Students Make New Year’s Resolutions

Mari Lofy, Reporter

According to Merriam Webster, New Year’s Resolutions have existed since the early 19th century. Not only were they making the resolutions, but they were breaking them and using them as excuses for bad behavior before the New Year.


Cat Grimmer, a sophomore said, “I’ve made resolutions in the past. One I made was to give up desserts. It went decently well, lasting a couple weeks.”


According to Inside Out Mastery, 62 percent of people don’t make any resolutions. 18 percent make two or more and 20 percent of people make only one resolution to focus on. 38.5 percent of adults will make yearly resolutions. 52.6 percent of those who make resolutions will focus on just one goal while the other 47.4 percent will focus on more than one goal.


Annie McLean, a senior, said, “One resolution I made was to stop biting my nails which never worked out for me.”
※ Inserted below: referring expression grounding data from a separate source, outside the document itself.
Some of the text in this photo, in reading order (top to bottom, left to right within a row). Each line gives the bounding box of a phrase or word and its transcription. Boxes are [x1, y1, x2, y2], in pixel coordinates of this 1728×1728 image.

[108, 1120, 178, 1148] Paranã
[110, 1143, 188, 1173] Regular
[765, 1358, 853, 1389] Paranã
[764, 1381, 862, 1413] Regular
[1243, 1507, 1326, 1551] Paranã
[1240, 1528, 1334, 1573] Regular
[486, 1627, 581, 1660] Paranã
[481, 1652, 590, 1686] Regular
New Year’s Resolutions are traditions in the Eastern and Western parts of the world. According to Babbel Magazine, countries such as the United States, Italy, Colombia. China, and Russia all make resolutions.
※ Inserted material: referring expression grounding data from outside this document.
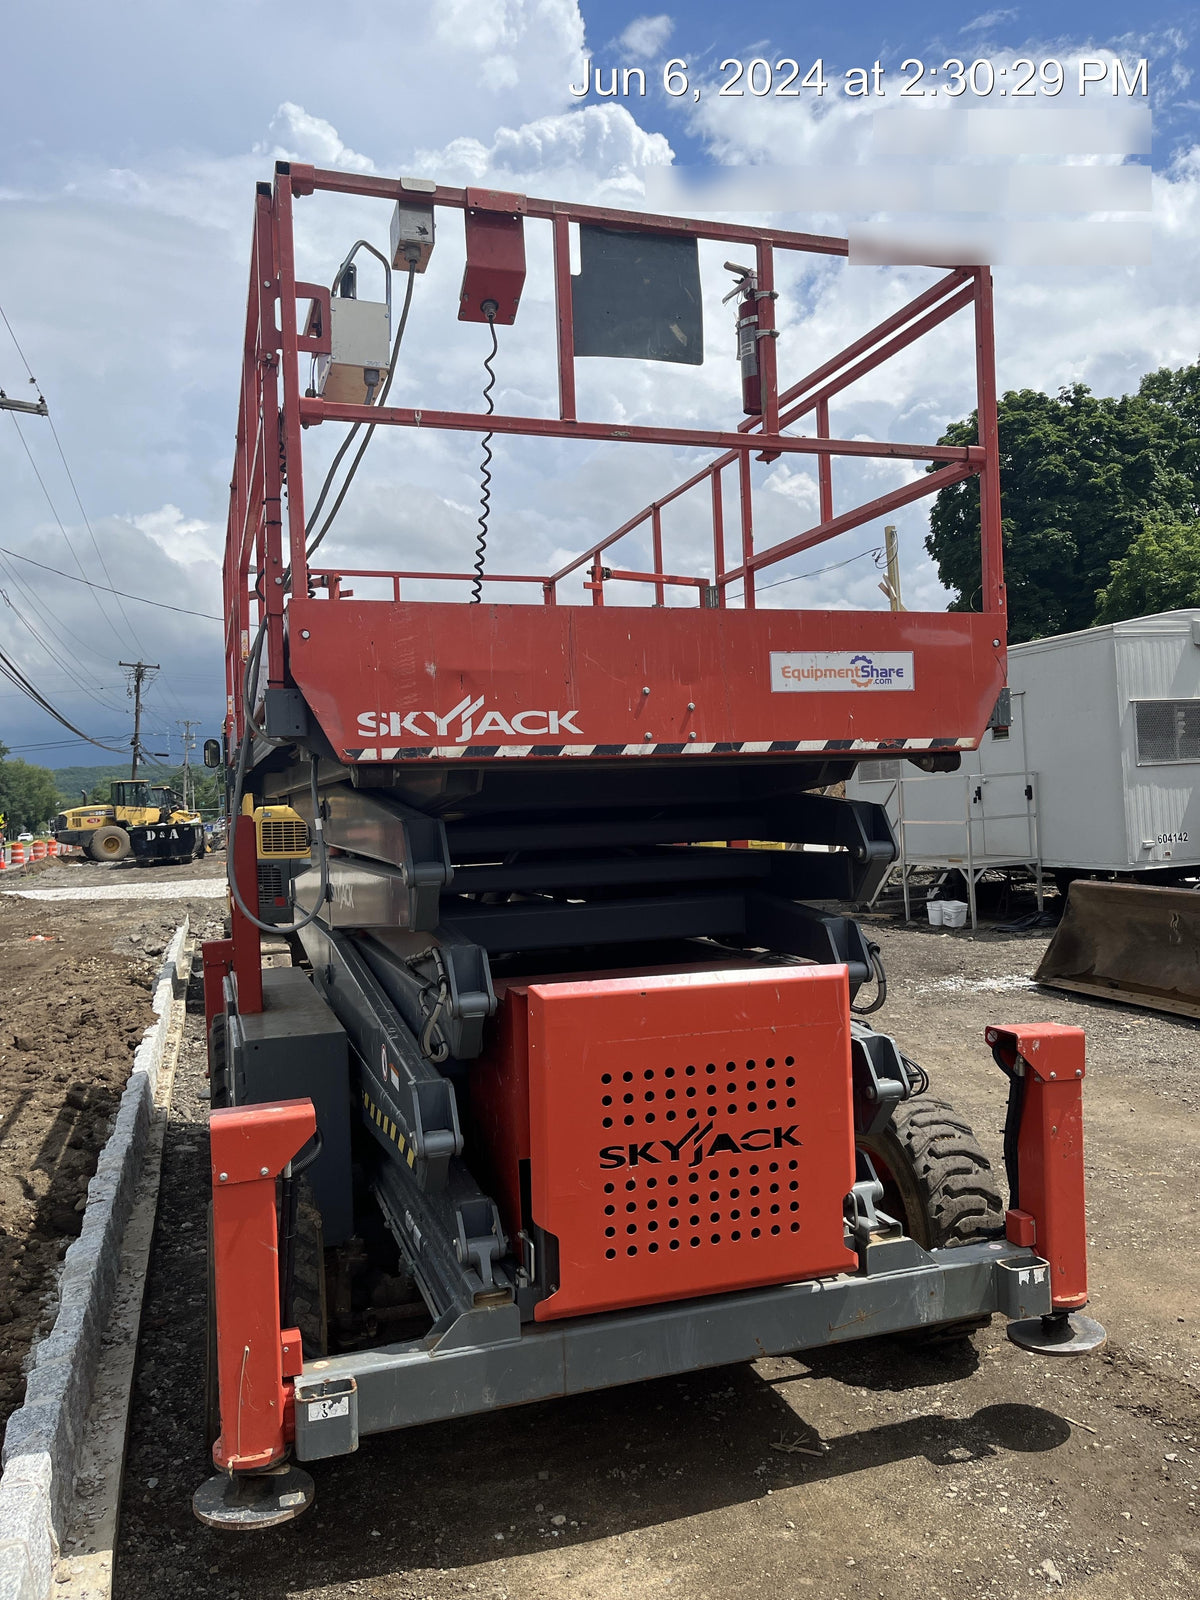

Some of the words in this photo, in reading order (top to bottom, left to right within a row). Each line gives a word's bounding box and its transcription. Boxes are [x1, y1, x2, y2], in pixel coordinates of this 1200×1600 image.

[781, 665, 904, 682] EquipmentShare
[356, 694, 585, 743] SKYJACK
[146, 830, 156, 841] D
[169, 828, 179, 840] A
[1157, 832, 1189, 844] 604142
[598, 1119, 804, 1170] SKYJACK
“I have not really made resolutions in the past but I would be open to it. I would like to start running more and be a better person,” Bryan Gonzalez-Ruiz said.


According to Inside Out Mastery, some of the more common resolutions are to  exercise more, eat healthier, lose weight, save more money, pursue a career ambition, spend less time on social media, take up a new hobby, cut down on drinking, renovate part of the house, spend more time with family, do more charity work, give up smoking, and raise money for a charity


Grimmer, McLean, and Julia Payne, all made New Year’s Resolutions in the past. Gonzalez-Ruiz and Alex Ayoub were the only ones who did not make resolutions in the past.


“I have made a New Year’s Resolution to eat healthier. It didn’t go well at all,” Payne said.